Data entries:
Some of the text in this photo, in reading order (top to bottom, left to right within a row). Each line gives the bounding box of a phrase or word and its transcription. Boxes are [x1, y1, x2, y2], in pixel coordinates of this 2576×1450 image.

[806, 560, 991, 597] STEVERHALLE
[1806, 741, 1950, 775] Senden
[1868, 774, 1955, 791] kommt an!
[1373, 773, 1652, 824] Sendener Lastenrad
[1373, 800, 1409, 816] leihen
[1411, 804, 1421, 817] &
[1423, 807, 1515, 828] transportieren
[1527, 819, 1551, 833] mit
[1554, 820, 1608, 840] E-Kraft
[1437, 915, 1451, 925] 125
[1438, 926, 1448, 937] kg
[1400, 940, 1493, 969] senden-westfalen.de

WHAT YOU NEED TO DO:
Reproduce the data exactly, omitting nothing.

ANSWER TO THE EXERCISE:
Some of the text in this photo, in reading order (top to bottom, left to right within a row). Each line gives the bounding box of a phrase or word and its transcription. Boxes are [x1, y1, x2, y2], in pixel coordinates of this 2576×1450 image.

[806, 560, 991, 597] STEVERHALLE
[1806, 741, 1950, 775] Senden
[1868, 774, 1955, 791] kommt an!
[1373, 773, 1652, 824] Sendener Lastenrad
[1373, 800, 1409, 816] leihen
[1411, 804, 1421, 817] &
[1423, 807, 1515, 828] transportieren
[1527, 819, 1551, 833] mit
[1554, 820, 1608, 840] E-Kraft
[1437, 915, 1451, 925] 125
[1438, 926, 1448, 937] kg
[1400, 940, 1493, 969] senden-westfalen.de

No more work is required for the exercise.